If you read that and feel - ok well, that was just a night where millions of Americans were upset about the candidate they voted for losing the election, those people were just blowing off some steam, there's a 100% chance you're wrong. More from Davidowitz, "In the United States, the word nigger or its plural niggers - was included in roughly the same number of searches as the words migraine(s), economist and Lakers." Hold on let that marinate..... Lakers! The word nigger is searched for just as often as the most popular basketball team in the world. Seth still wasn't done as he continues, "20% of searches with the word nigger also included the word jokes, other common searches included stupid niggers and I hate niggers." And these aren't just people in the south performing millions of these searches. Davidowitz names these regions as having the highest concentration of racist searches: upstate New York, western Pennsylvania, eastern Ohio, Michigan, rural Illinois, West Virginia, southern Louisiana and Mississippi.

When I read these statistics, I felt anger, confusion and confirmation. I say confirmation because if you're young and black you've experienced degrees of what Davidowitz described. However despite your experiences to see it quantified this way is jarring nonetheless.

After reading these statistics and processing my emotions, my next thought took me back to 2012. I could hear my grandfathers words in my ear and I knew this is what he meant all along. Many of the same people Googling racist jokes to tell behind the backs of black co-workers and companions have children.

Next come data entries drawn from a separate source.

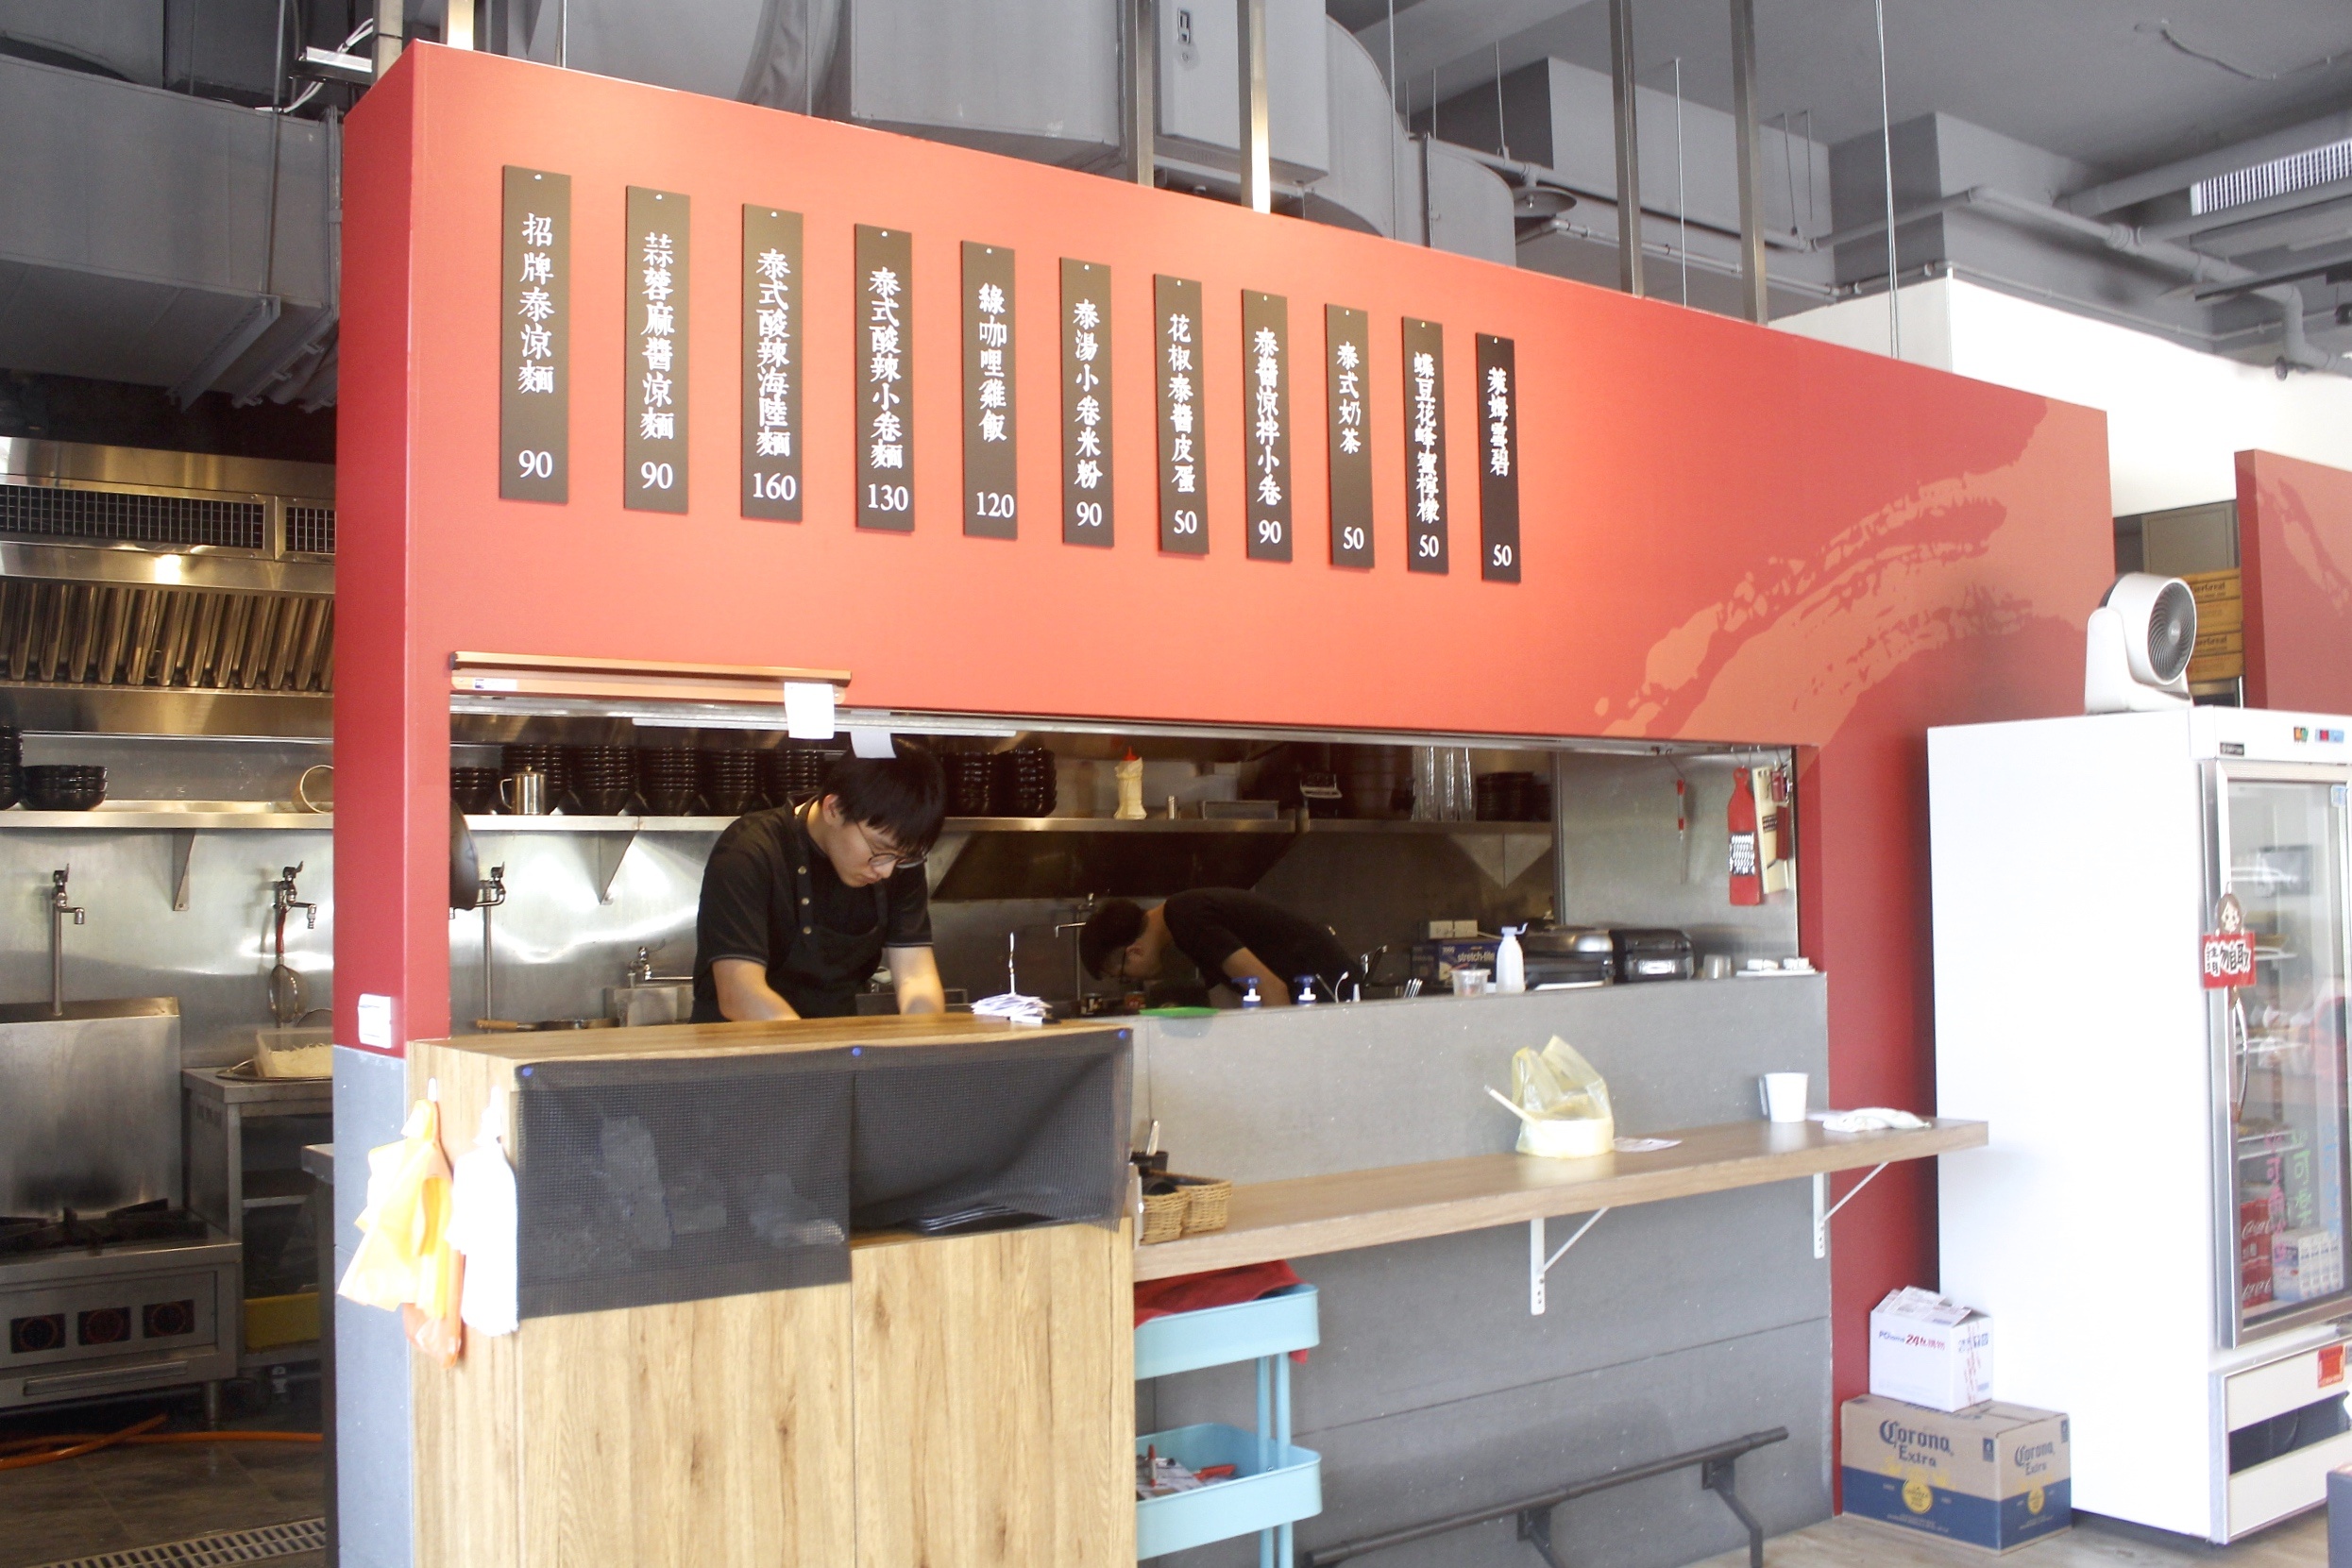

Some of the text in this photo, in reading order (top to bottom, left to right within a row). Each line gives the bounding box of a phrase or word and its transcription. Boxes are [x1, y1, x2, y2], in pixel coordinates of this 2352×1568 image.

[518, 212, 555, 395] 招牌泰涼麵
[640, 231, 675, 441] 蒜蓉麻醬涼麵
[755, 247, 791, 458] 泰式酸辣海陸麵
[868, 266, 904, 469] 泰式酸辣小卷麵
[978, 282, 1007, 443] 綠咖哩雞飯
[1073, 298, 1103, 490] 泰湯小卷米粉
[1167, 312, 1196, 493] 花椒泰醬皮蛋
[1336, 341, 1362, 455] 泰式奶茶
[1252, 326, 1282, 506] 泰醬涼拌小卷
[1487, 366, 1510, 477] 萊姆雪碧
[1413, 351, 1440, 524] 蝶豆花蜂蜜檸檬
[518, 449, 553, 479] 90
[640, 461, 674, 490] 90
[753, 472, 797, 501] 160
[867, 483, 909, 512] 130
[976, 491, 1015, 518] 120
[1075, 501, 1103, 527] 90
[1173, 509, 1198, 534] 50
[1258, 519, 1282, 544] 90
[1343, 526, 1364, 550] 50
[1418, 534, 1440, 558] 50
[1493, 544, 1513, 566] 50
[1879, 1420, 1951, 1453] Corona
[1899, 1443, 1937, 1467] Extra
[2014, 1441, 2054, 1468] Corona

That child's young inquiring mind could lead them to ask why their new friend at school doesn't look like the other kids in the class? And at that point the same racist individual that perused the internet for nigger jokes gets to shape the paradigm of that young child's mind.

On the flip side a young black child could come home asking their parents that same question. Depending on the experiences and upbringing of those parents they could release a toxic explanation as well, telling my child people that look like his mother and her family are no good.

Too dark for some, too light for others. This was grandpa's concern, and with my impending marriage his words are closer than ever to reality.

What do you do when you have to help someone get through something you've never been through yourself? How can you repair a problem when you don't have the right tools? When I was a kid, if something happened that I didn't understand I could just come home and ask my father. He had been me, he had been exposed to the same type of teasing that came my way, which is more than I can say for my future children. I've never been mixed a day in my life.

At the end of the day, despite the statistics, despite racism and challenges, we have to focus on what we can control. And for me in this case that will be my future child. It will be my job to instill a sense of awareness and pride. To teach them the importance of equality and respect. That's what I can do with what I have influence over. And for the things I cant control, I'll have to lean on the One who controls all.

When people are at the end of their rope they often fall back on the cliché - all we can do is pray. That phrase portrays prayer as a last hope, a last gasp, the Hail Mary in the - I need to get up out of this situation playbook. That is a gross misrepresentation of the power of prayer. I believe prayer is our best hope and our best option for life's situations. When my wife and I have children I'll depend on it daily, and I'll always remember - "Don't worry about anything; instead, pray about everything. Tell God what you need, and thank him for all he has done. Then you will experience God's peace which exceeds anything we can understand." Peace beyond understanding, on all things, including race relations in America.